Marco Lucchini, segretario nazionale della Fondazione Banco Alimentare
«Trovare la parole giuste è fondamentale anche per imparare a guardare le nostre azioni da più prospettive diverse. Provate solo a pensare alla differenza tra il dire “ti porto cibo in eccedenza” e “ti porto un dono”. Le parole vanno scelte con cura perché raccontano agli altri chi siamo e cosa facciamo».
Francesco Farinetti – CEO di Green Pea
«Ci sono parole che non usiamo più o che usiamo troppo raramente. Buongiorno, grazie: salutarsi, esprimere gratitudine e rispetto sono sempre più rare e difficili da tirar fuori. Nel mondo del food, poi, lo sperimentiamo tutti ogni giorno. Non si tratta di buona educazione ma di educazione. Le parole tirano fuori i nostri pensieri e rappresentano il nostro stile».
Chef Filippo Saporito, presidente JRE
«Imparare ad ascoltare è veramente uno dei punti fondamentali delle relazioni umane. All’interno della cucina, l’atmosfera è non di rado tesa e carica. Nel mio ristorante ho cercato di smussare queste tensioni proprio applicando questo principio. Sono convinto che se vuoi offrire eccellenza ai tuoi clienti, devi partire proprio da come ti rapporti con i tuoi dipendenti».
Anna Martano, giornalista e prefetto per la Sicilia dell’Accademia Italiana della Gastronomia
«Possiamo dire che anche il cibo, esattamente come le parole, è condivisione, avvicinamento e racconto. Ogni ricetta, ogni piatto tipico racconta un’identità e una cultura. Se questo punto del manifesto fosse un cibo, sarebbe un cous-cous, il grande piatto che accomuna le tre religioni e i popoli del mediterraneo».
Eleni Pisani, chef di cucina mediterranea e blogger
«Le parole proprio come il cibo, hanno un sapore e una consistenza e possono contaminare: verbo che usiamo nella cucina e che ha un’accezione molto positiva. Contaminazione e creatività, proprie delle parole, sono un mezzo per avvicinare le persone. Ho viaggiato tantissimo per il mio lavoro e spesso mi è capitato di non conoscere la lingua del Paese in cui mi trovavo. Ma la prima parola che chiedevo o che mi veniva chiesta era “come si dice grazie nella tua lingua?”: il primo segno di rispetto reciproco, saper ringraziare».
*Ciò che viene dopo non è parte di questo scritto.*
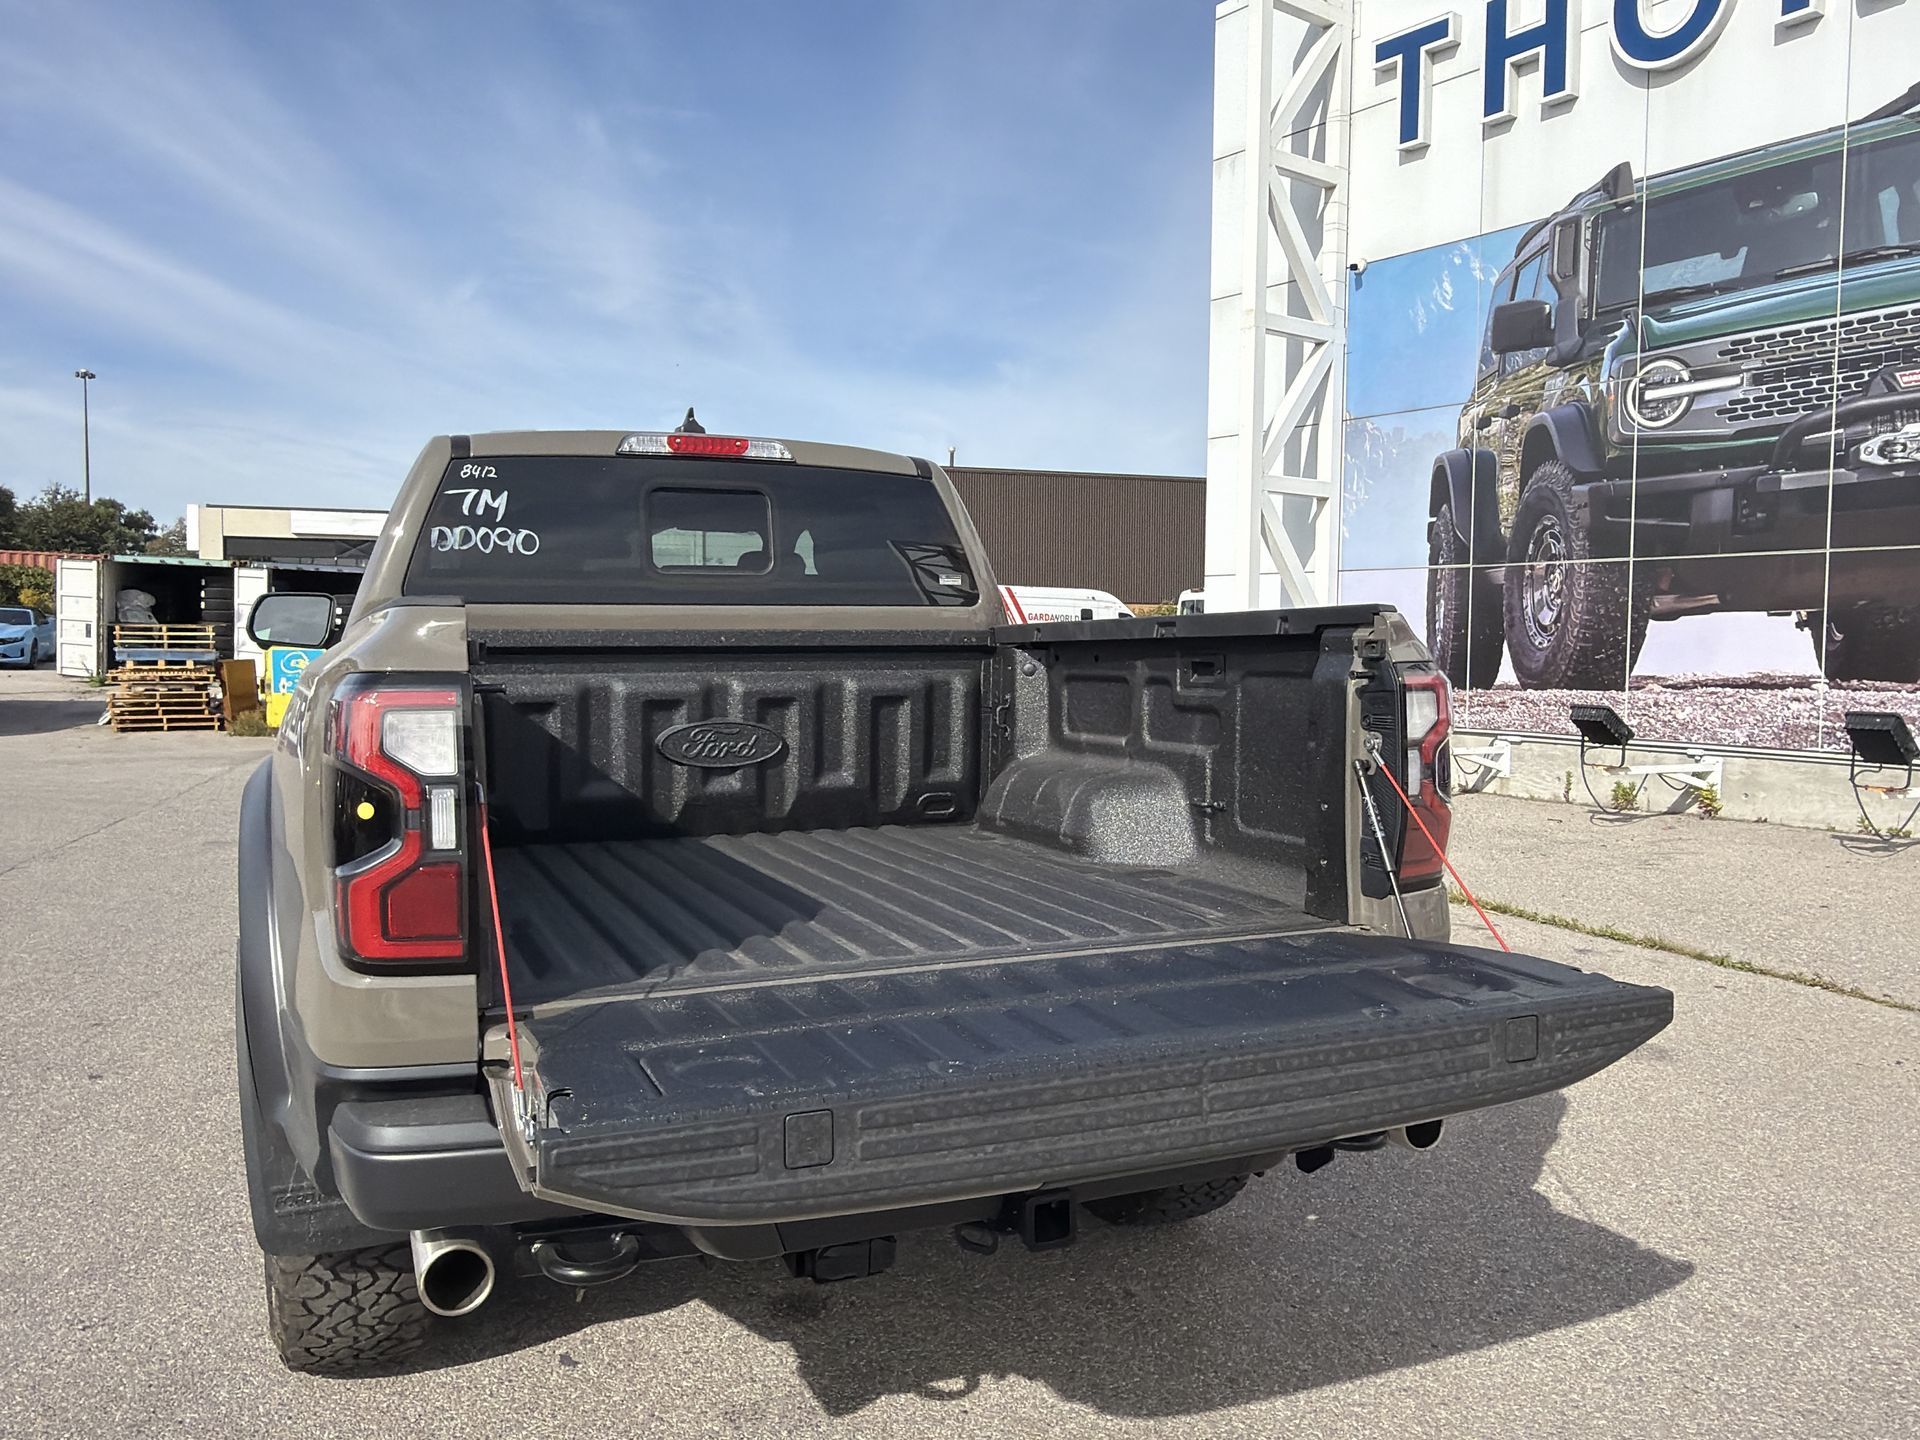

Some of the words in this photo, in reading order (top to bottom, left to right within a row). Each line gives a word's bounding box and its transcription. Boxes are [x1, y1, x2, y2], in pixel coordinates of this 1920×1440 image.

[1374, 0, 1825, 150] THO
[460, 464, 498, 479] 8412
[443, 488, 509, 523] 7M
[682, 727, 758, 758] Ford
Silvia Fissore, giornalista e media relation manager del Festival del Giornalismo Alimentare
«Il controllo dei fatti e la verifica delle fonti sono parte fondamentale del lavoro giornalistico. Durante la Pandemia, l’88% degli italiani ha cercato informazioni su cibo e salute proprio su Internet. Questo dato ci fa riflettere e chiarisce molto bene l’importanza di un lavoro di verifica e controllo delle informazioni che pubblichiamo e condividiamo».
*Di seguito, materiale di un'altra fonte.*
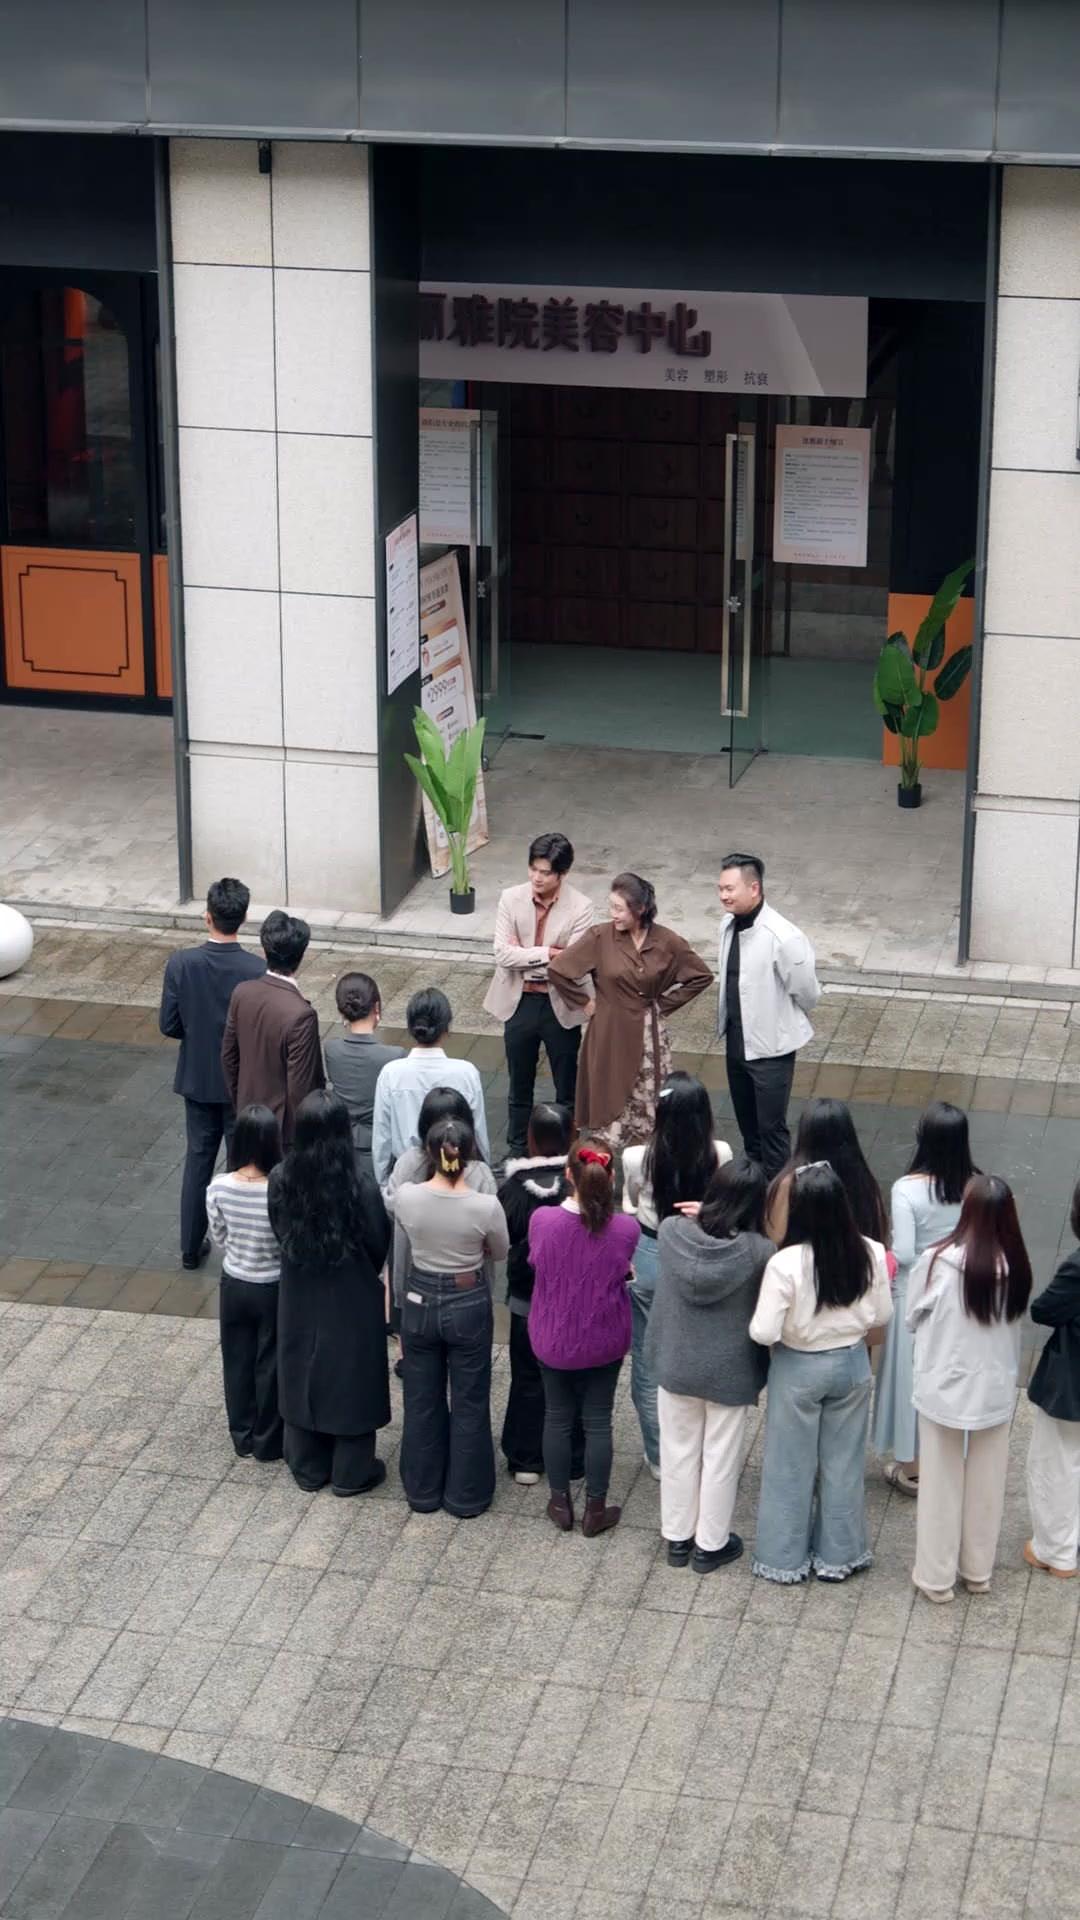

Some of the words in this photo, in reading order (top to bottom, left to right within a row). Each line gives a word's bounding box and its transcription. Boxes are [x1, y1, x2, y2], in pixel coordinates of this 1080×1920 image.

[664, 368, 688, 383] 美容
[703, 369, 728, 384] 塑形
[744, 370, 769, 386] 抗衰
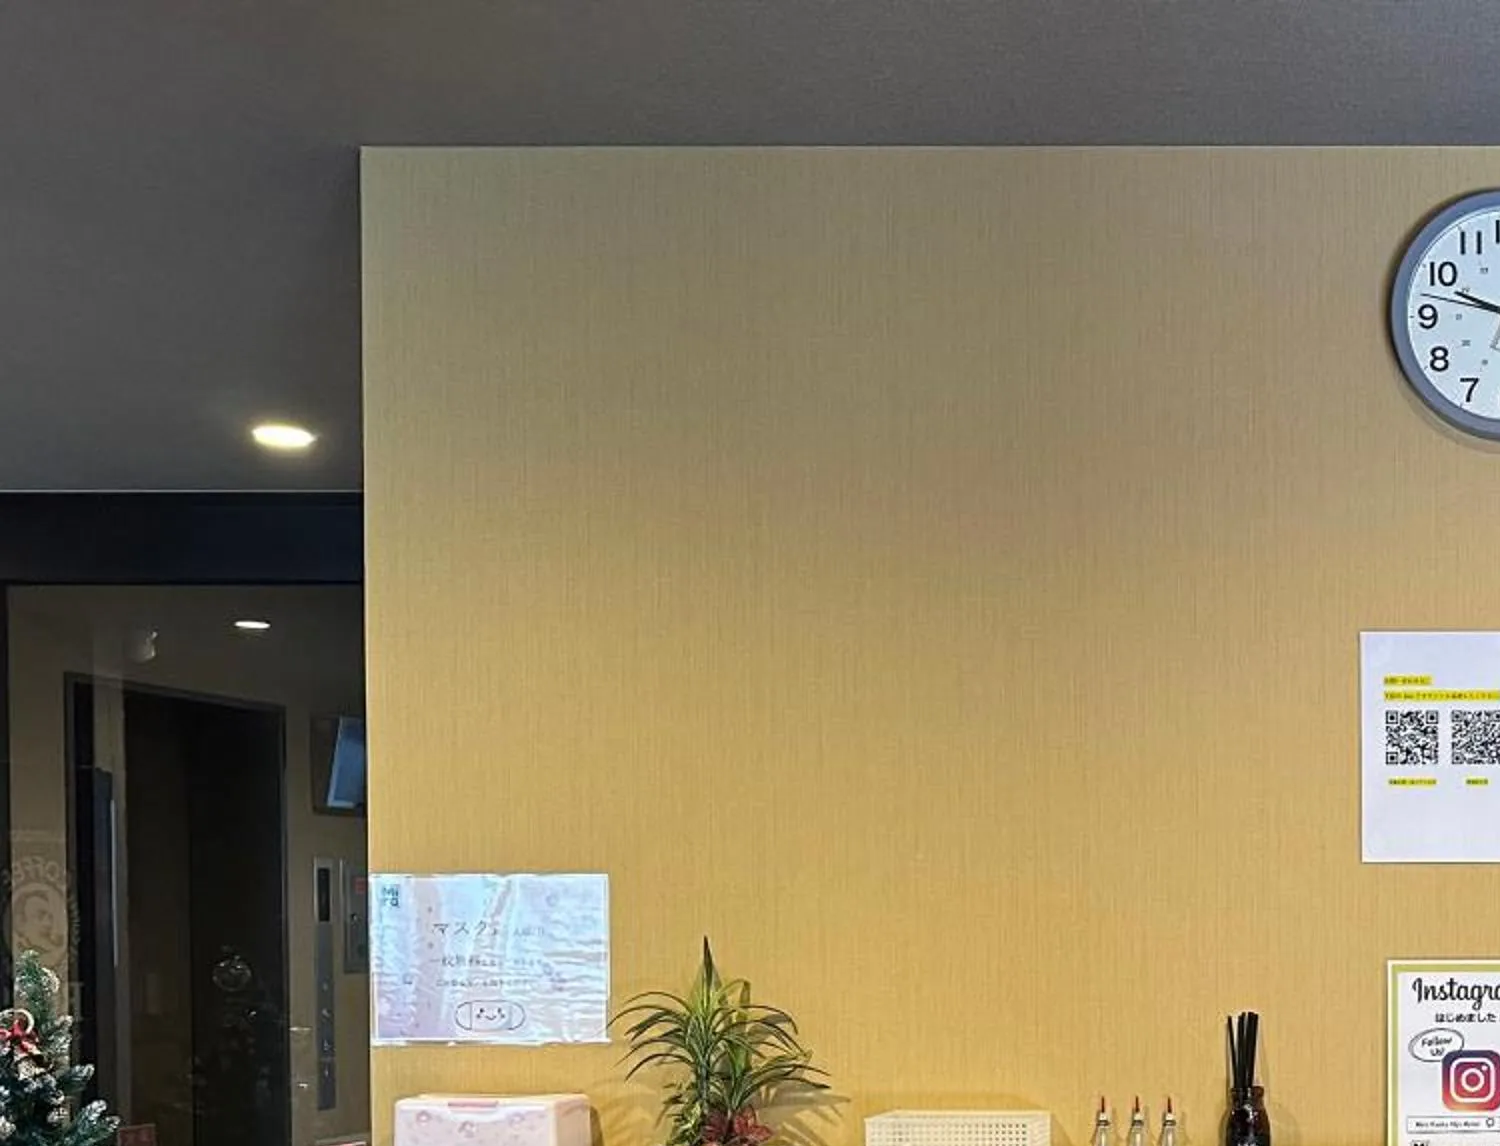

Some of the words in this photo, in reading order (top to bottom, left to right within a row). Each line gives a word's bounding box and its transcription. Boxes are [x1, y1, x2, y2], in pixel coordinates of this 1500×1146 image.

Vatinee Suvimol, avvocato e food blogger
«Come avvocato sono abituata a contrappormi alla mia controparte, ma sempre nei termini di reciproco rispetto. Come food blogger mi espongo tutti i giorni, ma chi la pensa diversamente da me non diventa mai un nemico. Come mamma, infine, insegno sempre a mia figlia a rispettare le persone e le loro idee».
Matteo Musacci, vice presidente FIPE
«Il mio lavoro è quello di tutelare gli interessi della mia categoria, in trattative spesso accese e concitate. Ho presto compreso che aumentando il volume dei toni non sempre si vince; né avvalori la tua tesi con insulti o mancanza di rispetto. Ho compreso che chi alza la voce lo fa perché non ha idee e pone la forza verbale e la prevaricazione come unico indice valoriale. L’insulto fa il paio con l’ignoranza. E chi ingnora, alla lunga, è destinato all’oblio. »
Alberto Marchetti, maestro gelatiere e formatore
«Essere gelatiere mi ha insegnato a dosare anche le parole, non solo gli ingredienti. Non amo la comunicazione a tutti i costi soprattutto se può trarre in inganno il consumatore. Parlo e racconto solo se sono certo delle informazioni, ma se qualcosa non mi convince non accetto di farmene portavoce sui social e tanto meno nella vita quotidiana. In questo anno difficile ho preferito agire e fare sinergia, invece di amplificare con le parole il malcontento e la negatività. Applico lo stesso principio ai social: se non ho nulla di nuovo e di sostanza da comunicare, scelgo il silenzio».